→ **Directions for this task**
Write the records below out in full, character for character, with no pictures.
### Source data
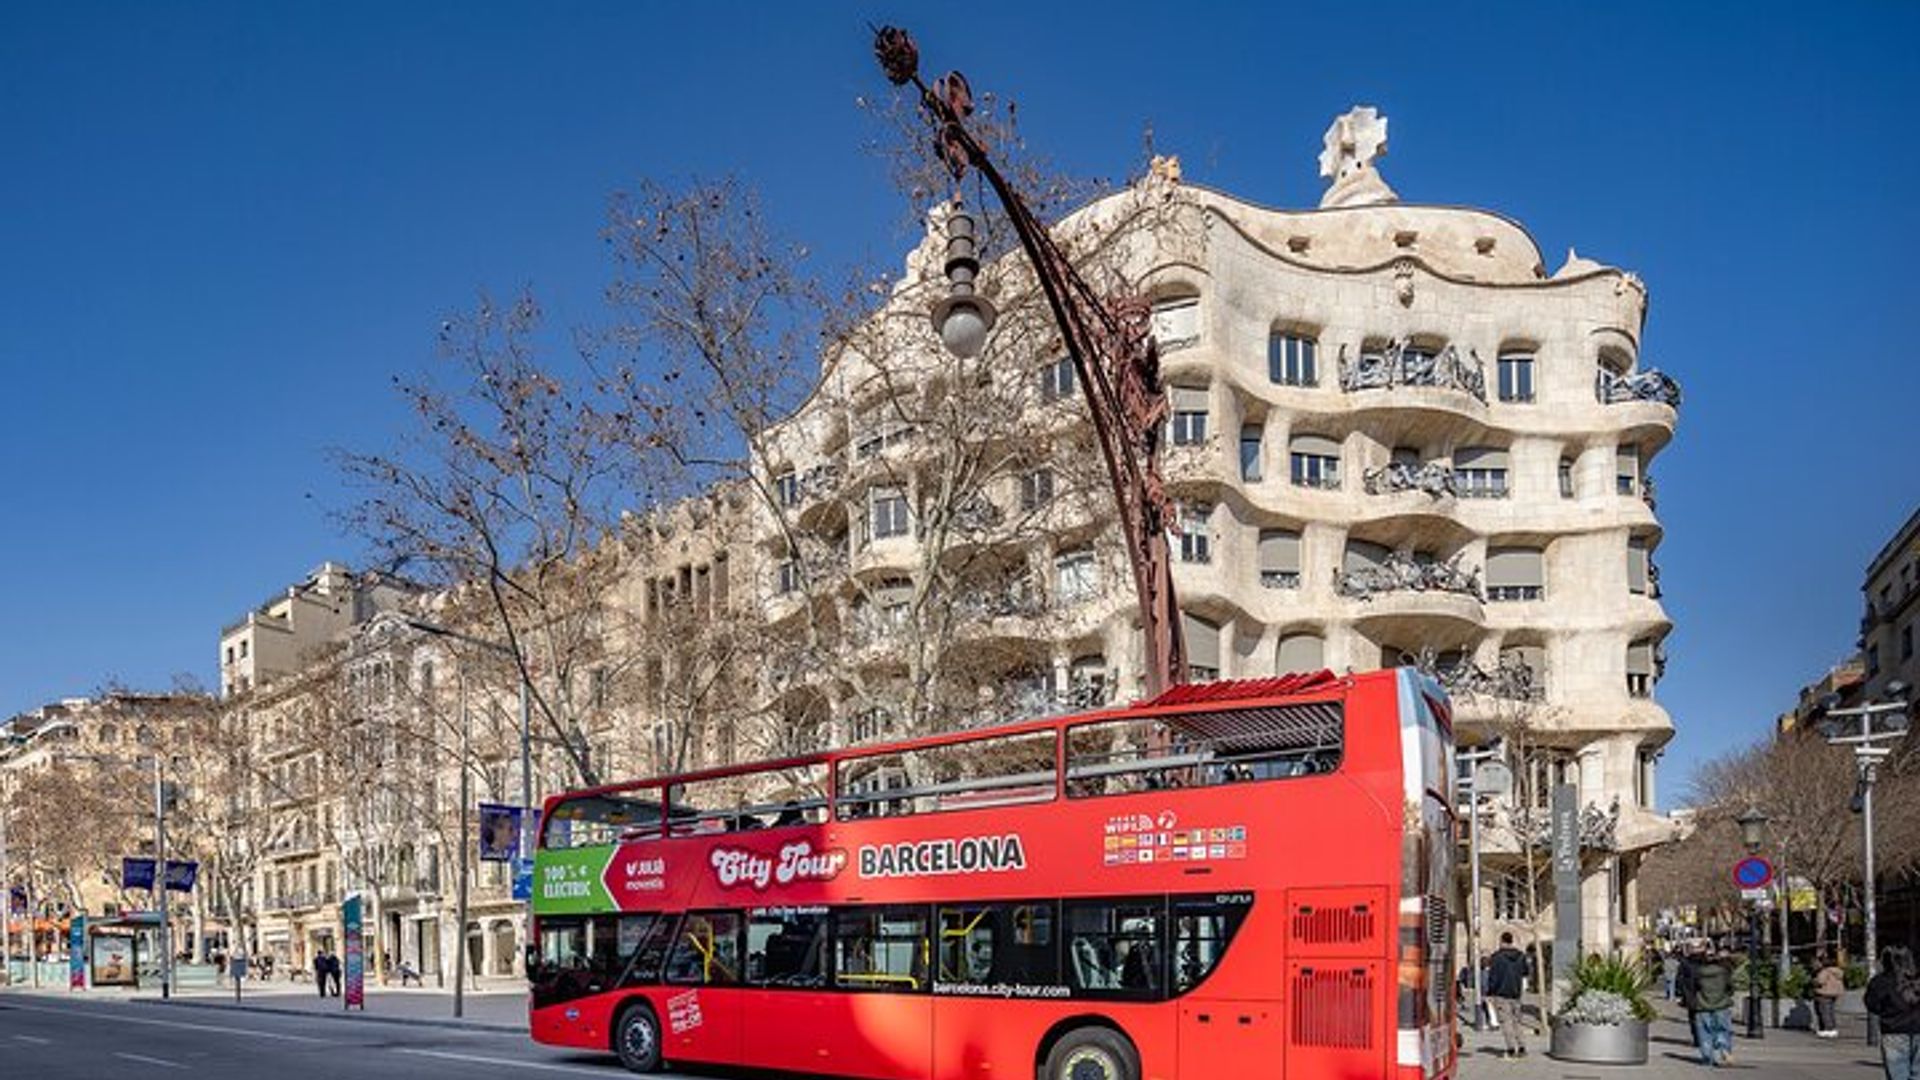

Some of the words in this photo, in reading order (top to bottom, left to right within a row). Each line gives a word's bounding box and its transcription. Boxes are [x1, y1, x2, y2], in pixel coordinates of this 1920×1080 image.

[711, 848, 772, 888] City
[776, 842, 845, 882] Tour
[859, 835, 1026, 877] BARCELONA
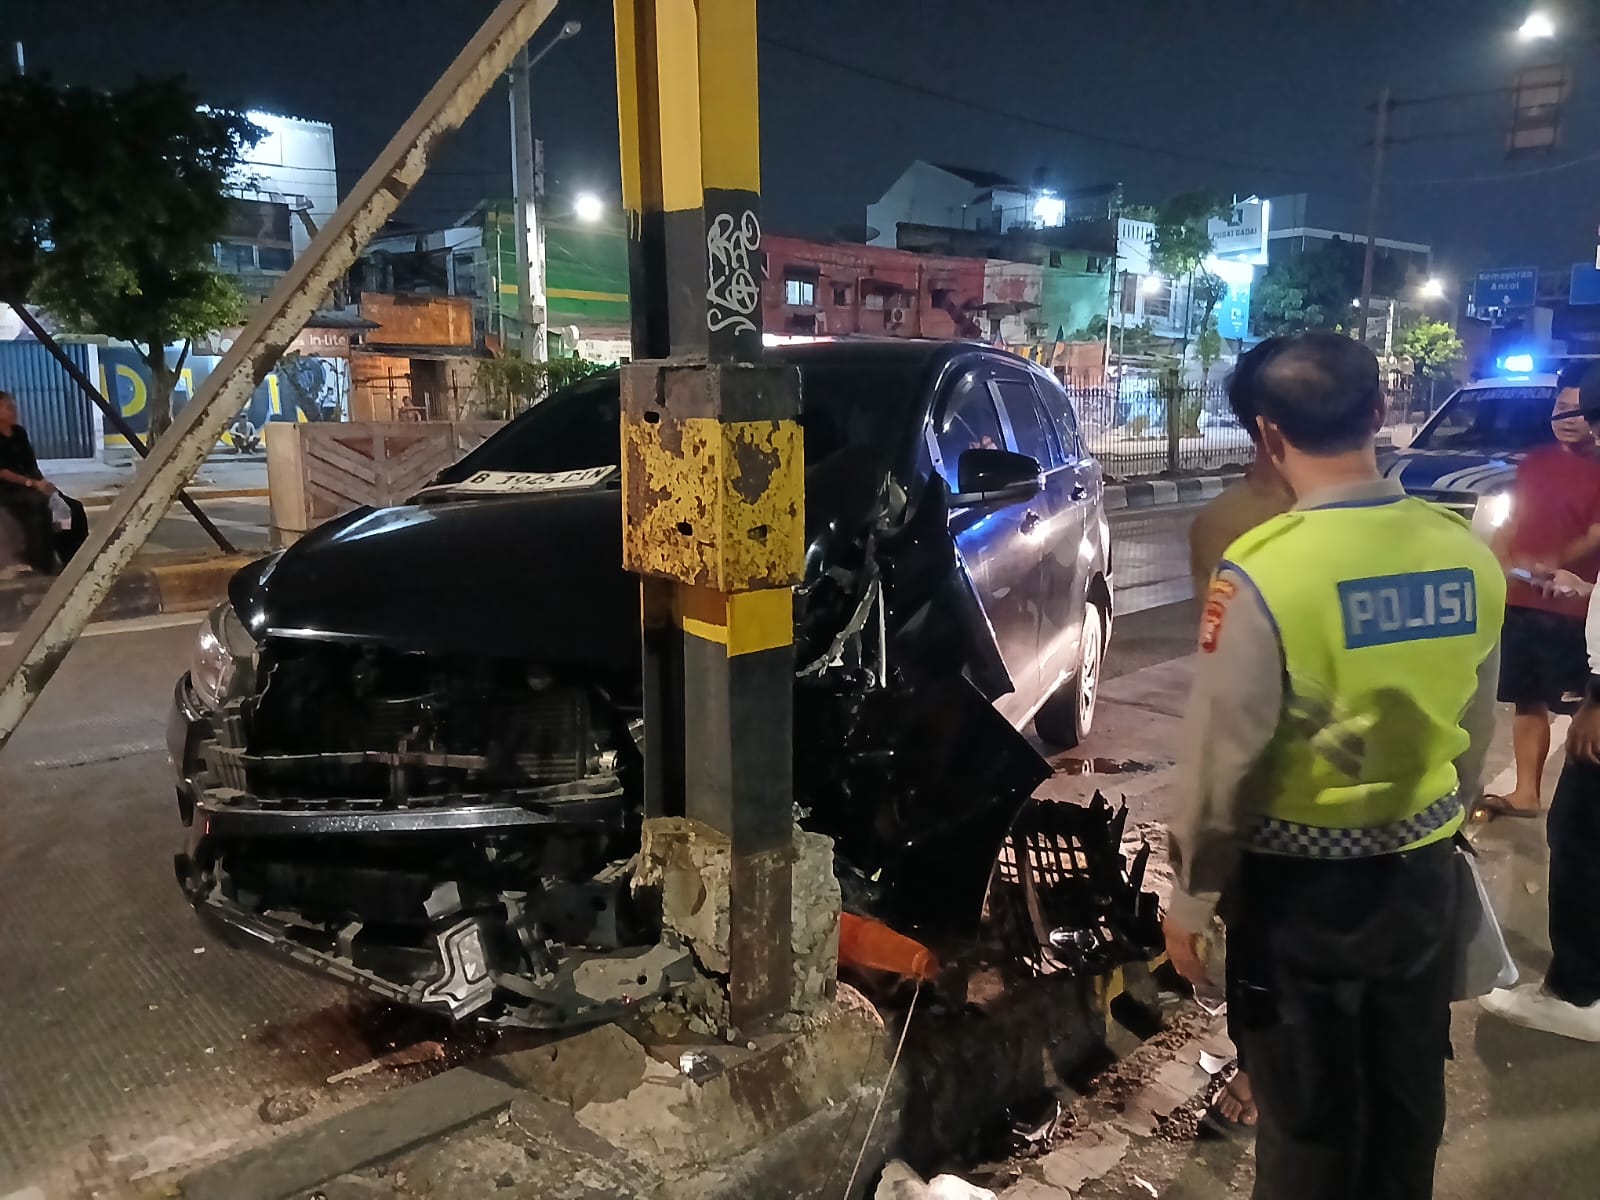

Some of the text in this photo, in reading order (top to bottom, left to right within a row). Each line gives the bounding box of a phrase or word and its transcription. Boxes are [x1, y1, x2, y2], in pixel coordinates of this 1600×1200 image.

[1479, 271, 1533, 281] Kemayoran
[1490, 281, 1520, 291] Ancol
[470, 472, 491, 485] B
[1349, 581, 1474, 635] POLISI
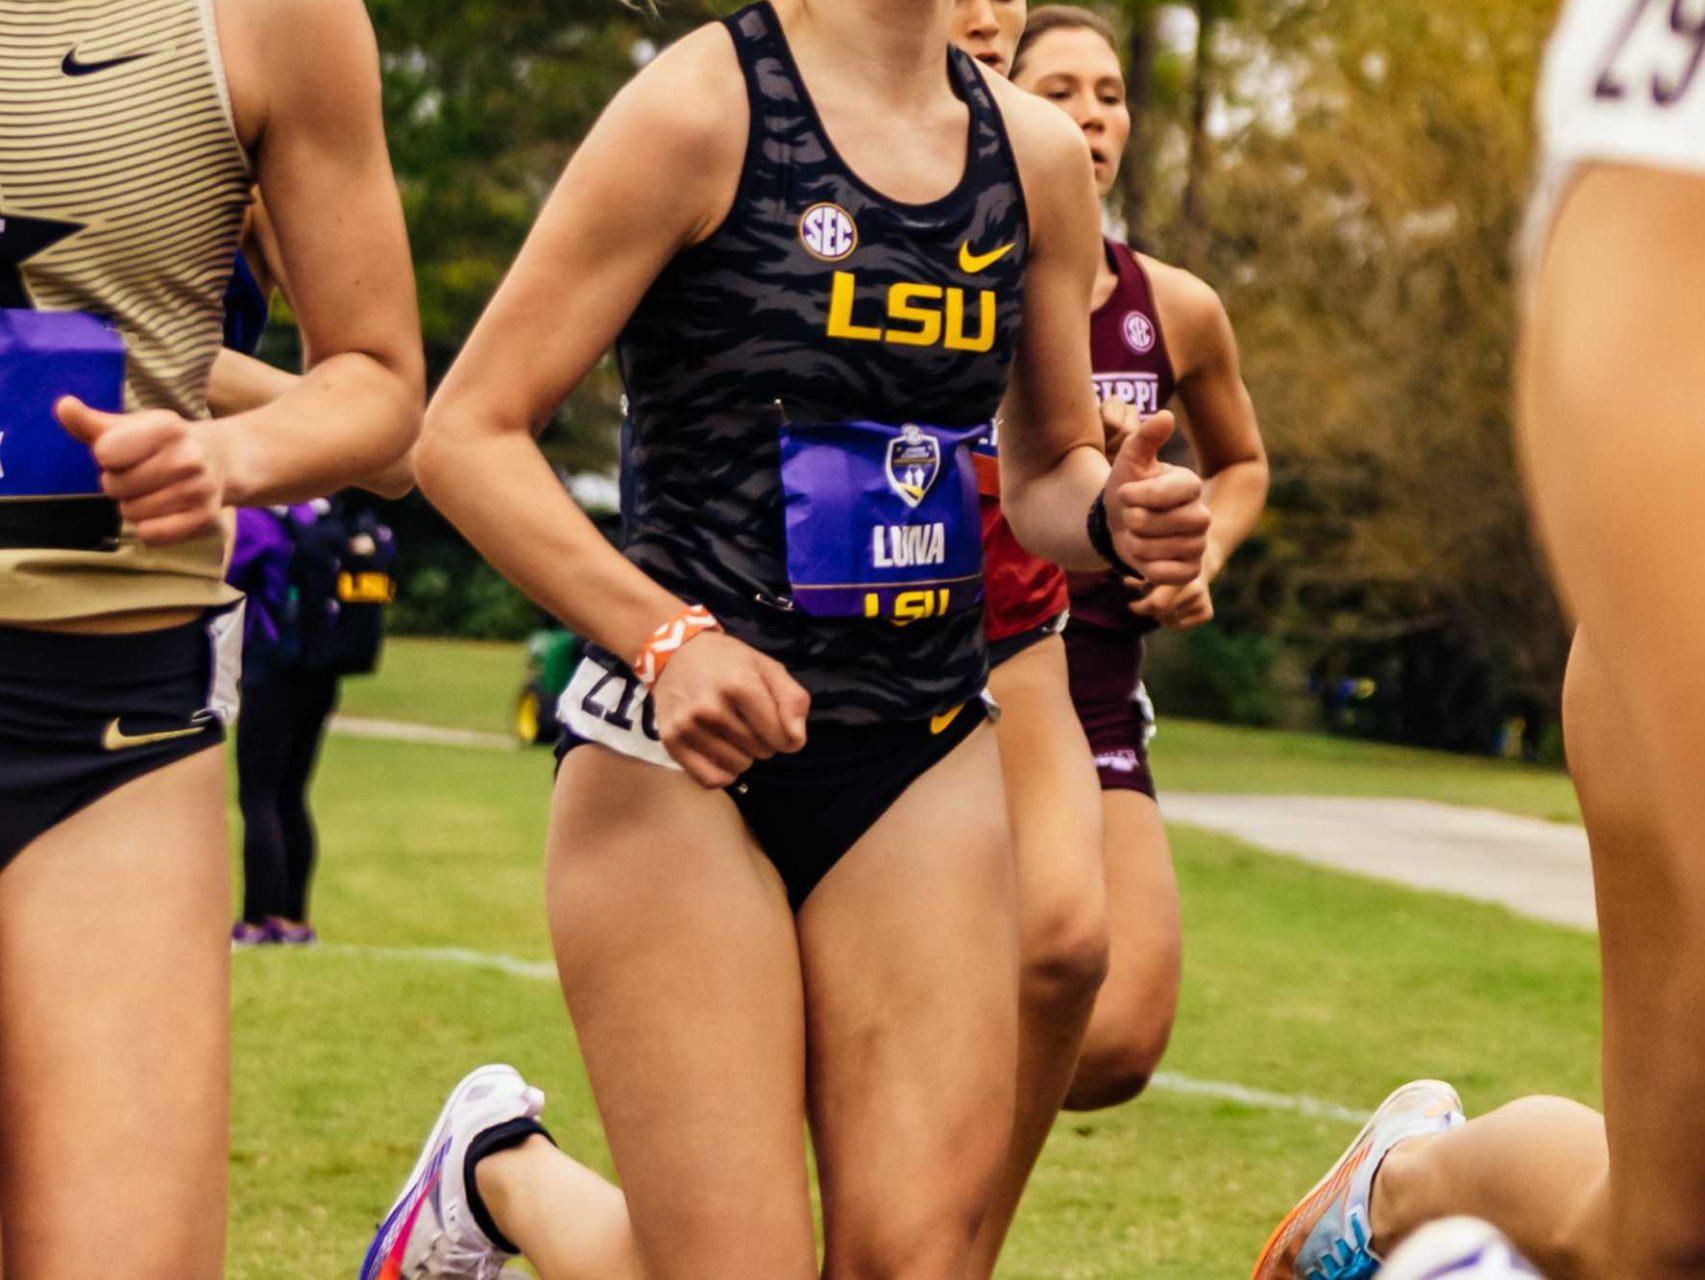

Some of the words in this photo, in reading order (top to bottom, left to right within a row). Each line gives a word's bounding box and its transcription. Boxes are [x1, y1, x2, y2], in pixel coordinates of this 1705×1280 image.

[803, 206, 852, 257] SEC
[826, 270, 996, 352] LSU
[1128, 315, 1151, 348] SEC
[872, 522, 946, 568] LUNA
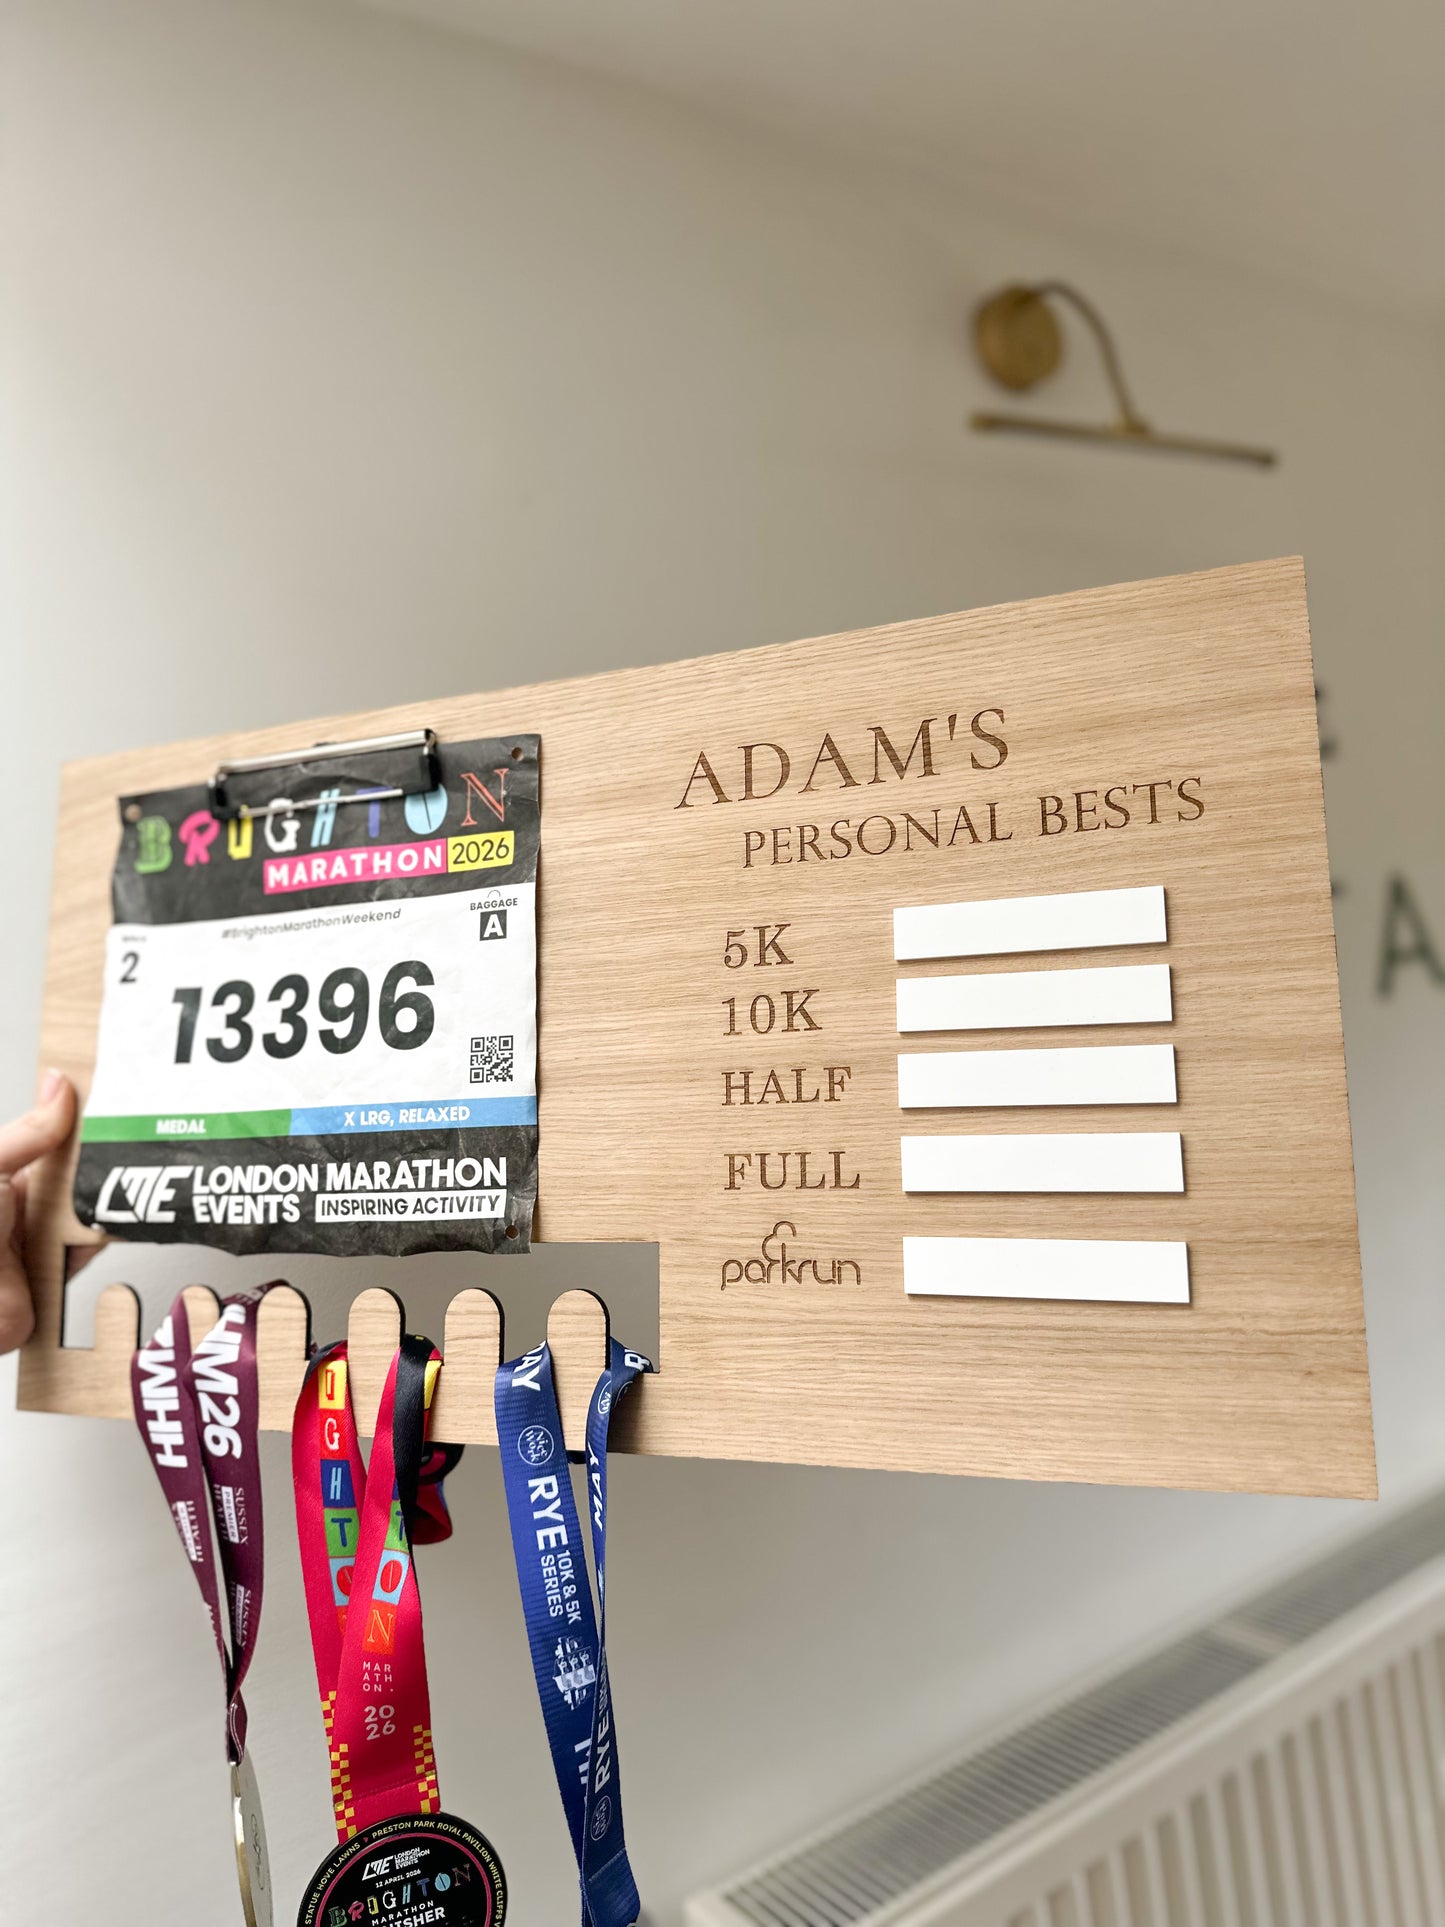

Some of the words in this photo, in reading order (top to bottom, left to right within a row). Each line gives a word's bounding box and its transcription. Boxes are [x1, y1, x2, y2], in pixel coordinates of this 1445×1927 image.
######
→ **Task output**
Some of the words in this photo, in reading order (top to bottom, left to right within a row). Each line gives a word's bounding box and its transcription. Boxes are [x1, y1, x2, y2], in pixel coordinates of this 1920×1080 image.

[711, 848, 772, 888] City
[776, 842, 845, 882] Tour
[859, 835, 1026, 877] BARCELONA

Some of the text in this photo, in reading order (top to bottom, left to right within a row). Each line gives the bounding box of a phrase or word and its transcription. Boxes are [x1, y1, x2, y2], in pixel coordinates of this 1600×1200 image.

[1479, 271, 1533, 281] Kemayoran
[1490, 281, 1520, 291] Ancol
[470, 472, 491, 485] B
[1349, 581, 1474, 635] POLISI

Some of the words in this photo, in reading order (top to bottom, left to right within a row). Each line gives a word's bounding box and its transcription. Boxes are [x1, y1, x2, y2], in pixel coordinates of this 1705×1280 image.

[803, 206, 852, 257] SEC
[826, 270, 996, 352] LSU
[1128, 315, 1151, 348] SEC
[872, 522, 946, 568] LUNA

Some of the words in this photo, in reading order (top to bottom, left to right within a row). Each line gives a word's bounding box and its transcription. Boxes are [x1, y1, x2, y2], in pixel coordinates of this 1445×1927 image.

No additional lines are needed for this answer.